Esistono figli che ereditano lo studio professionale di papà e figli che partono per il mondo in cerca del proprio destino. La strada dei secondi è spesso più lunga e più faticosa, il fatto che per un certo periodo questi ultimi sembrino assenti, più deboli e più lontani non vuol dire che non ritorneranno.
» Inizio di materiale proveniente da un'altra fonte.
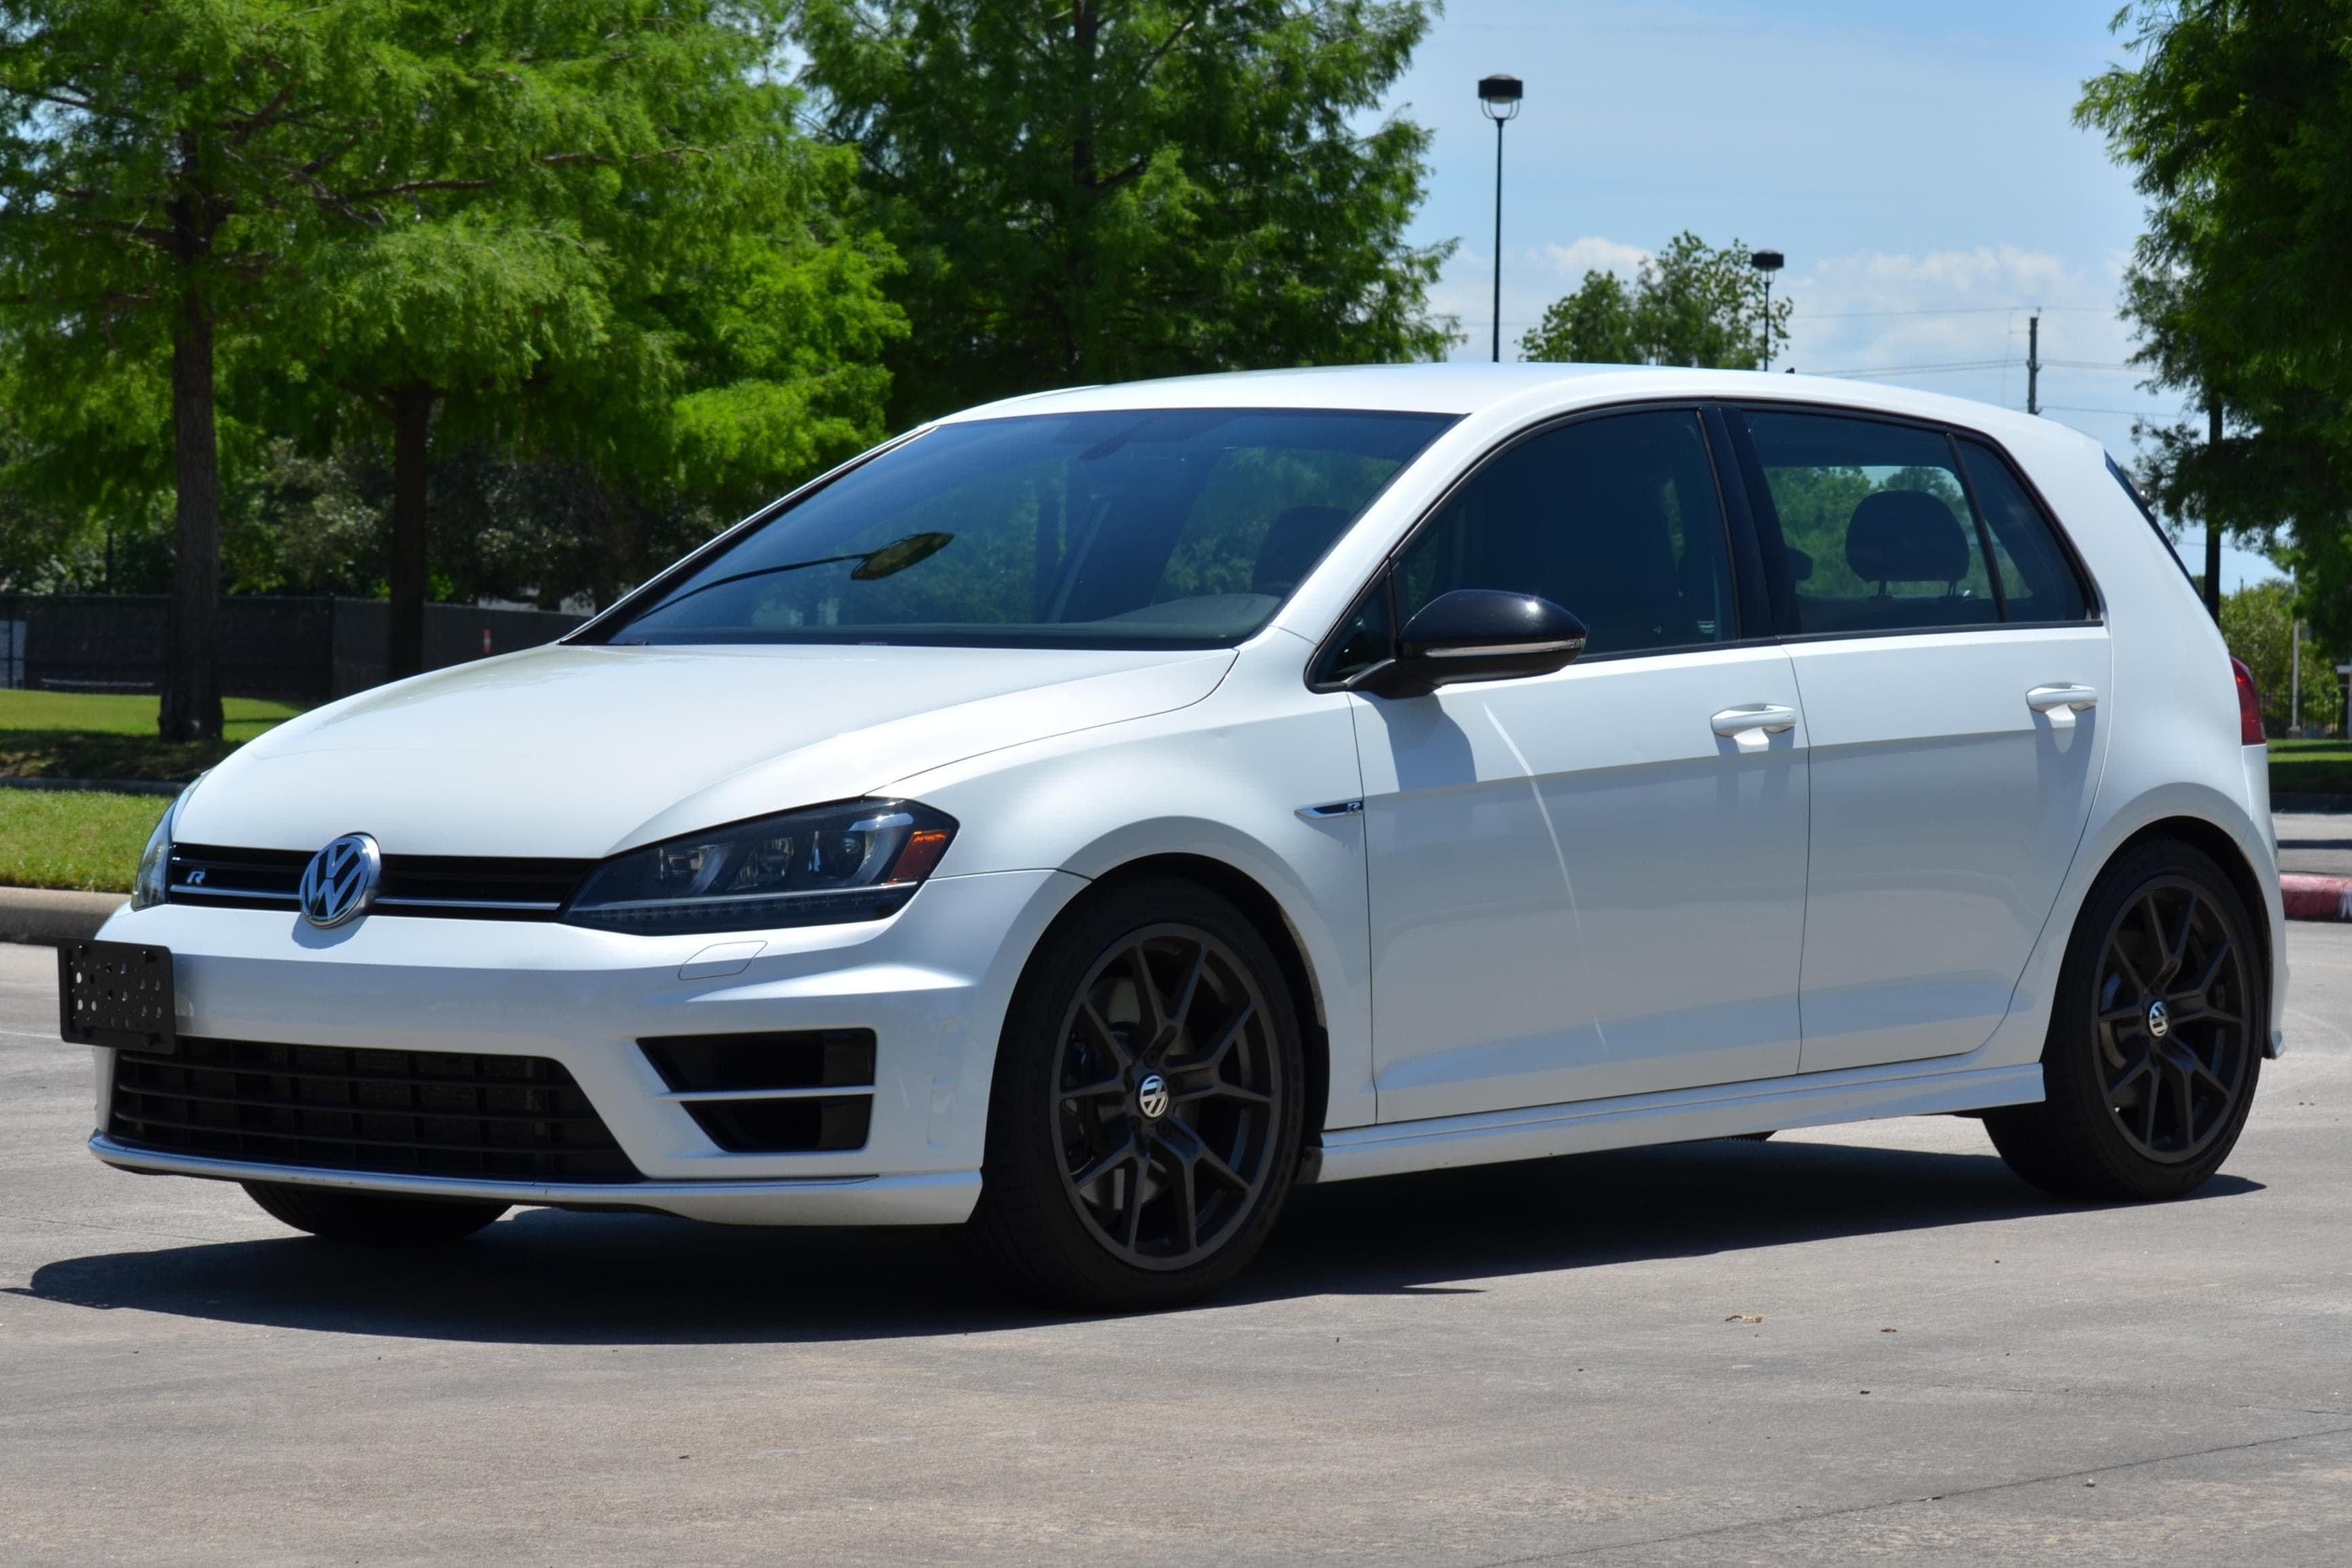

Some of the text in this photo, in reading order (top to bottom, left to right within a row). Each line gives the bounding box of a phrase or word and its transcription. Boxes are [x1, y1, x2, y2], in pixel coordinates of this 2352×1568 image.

[186, 869, 206, 885] R
[299, 834, 374, 923] VW
[1139, 1074, 1169, 1118] VW
13 risposte a “Meglio tardi che mai”

  1. Cla ha detto:

    Condivido ciò che scrivi; penso che D’Avanzo, viste le posizioni del suo giornale quasi sempre in linea con i vertici del PD, abbia dimostrato un certa dose di malafede nell’articolo. Il paragone con Obama, in Italia non regge lo sappiamo tutti benissimo e penso che ne sia conscio anche lui.

  2. wpro ha detto:

    Qualcuno mi ha detto che non si tratta di crisi ma di guerra economica. Il fatto che alcune banche americane siano fallite ed altre no (non per fatti esclusivamente di mercato, come sappiamo, ma per interventi decisi dalla stessa politica americana) lascia pensare che a qualcuno i depositi siano stati salvaguardati ed ad altri no. Se uno perde il 100% del valore dei propri titoli e depositi gli resta ancora qualcosa e per qualcuno “molto”. Se una banca fallisce il deposito deve essere moltiplicato per 0 ed anche in caso di cifre molto considerevoli il risultato è comunque 0. Se questo delirio è vero ce da chiedersi se la crisi è stata davvero “inaspettata” e naturalmente chi ci ha guadagnato e chi ci ha perso.
    wpro

  3. Riccardo ha detto:

    Concordo su tutto. Il grande problema resta il tempo, non credo possiamo ancora permetterci di attendere all’infinito.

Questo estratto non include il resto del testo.